From the market we drove a short distance to Joint Security Station Masafi. Located in a half-finished, rough-hewn shopping complex, this was a joint outpost for US and Iraqi forces. Here soldiers came to rest and sleep between patrols as well as to collect intelligence and plan operations. Lieutenant Colonel Watson reappeared for some final questions before he moved on to other business. What more had to be done, I asked, before the troops could begin to go home? Improving the Iraqi security forces and providing essential services, he said—a formula I’d heard many, many times. “Do you want to bring up our time in Taji?” said PAO Walker, who was listening in.
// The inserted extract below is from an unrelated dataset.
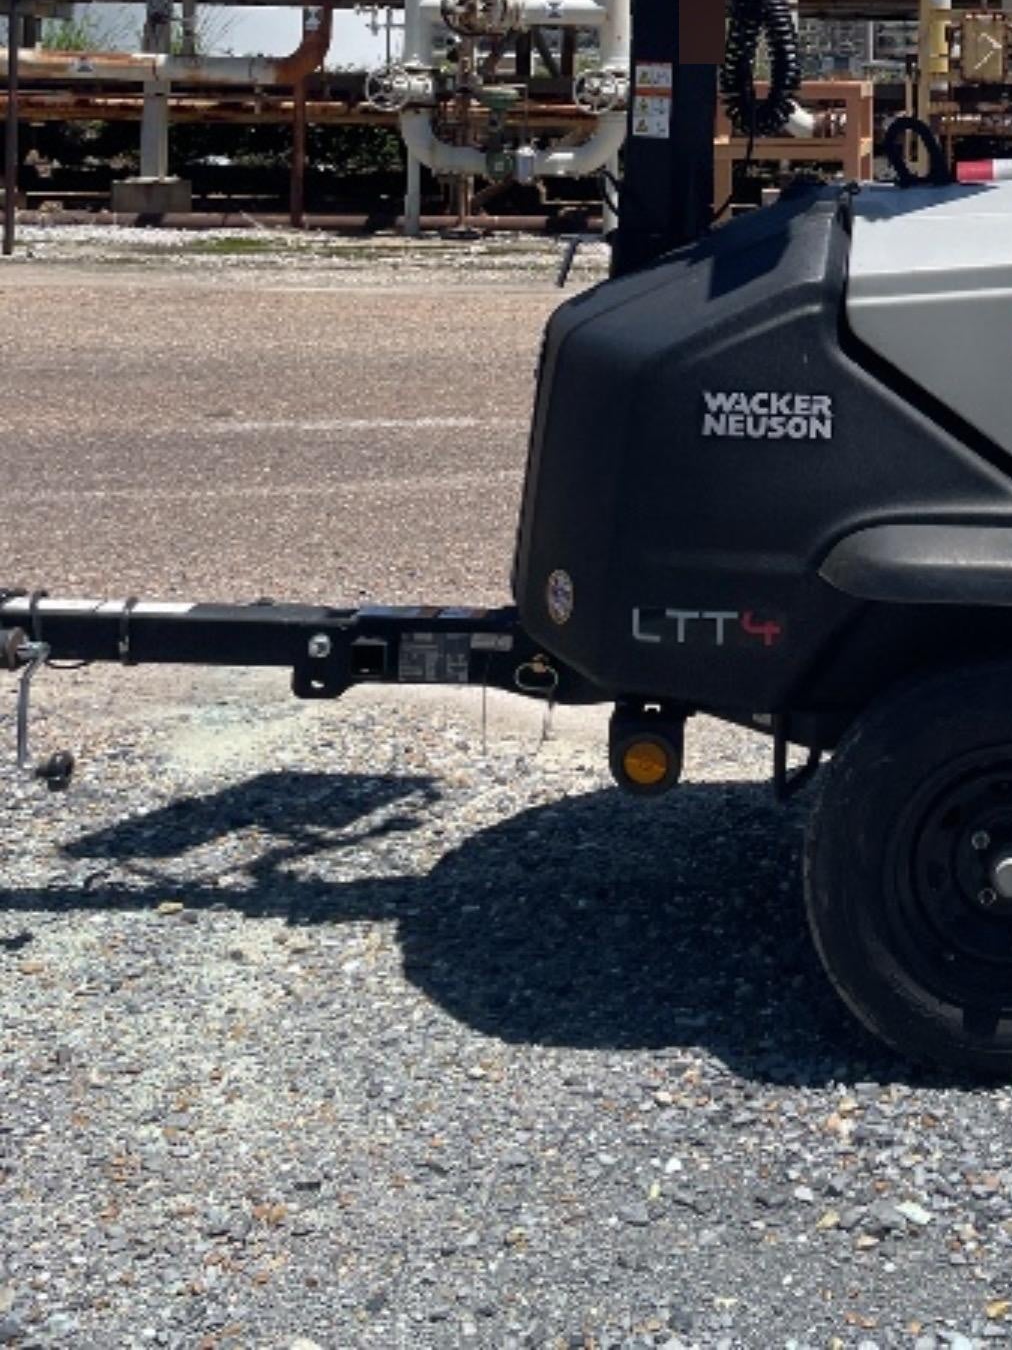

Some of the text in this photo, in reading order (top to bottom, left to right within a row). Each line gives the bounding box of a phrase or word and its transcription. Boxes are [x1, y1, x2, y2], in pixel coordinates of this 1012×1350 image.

Thus prompted, Watson described the training his men had received at a counterinsurgency academy located on an air base north of Baghdad. At another point, as Watson was discussing the importance of working with the community, Walker again intervened, ticking off the many cases of state-building the battalion had studied, from the school-building campaign in the Philippines to the CORDS program in Vietnam.

Walker’s intrusiveness surprised me. In our conversations, he had seemed smart and affable. As he had told me, he had grown up in the Bay Area, the son of ex-hippies who were opposed to the war. He had gone to West Point as an act of rebellion. His father, a lawyer and writer, was a reader of The New York Review. But now he was becoming heavy-handed, and I couldn’t help but frown.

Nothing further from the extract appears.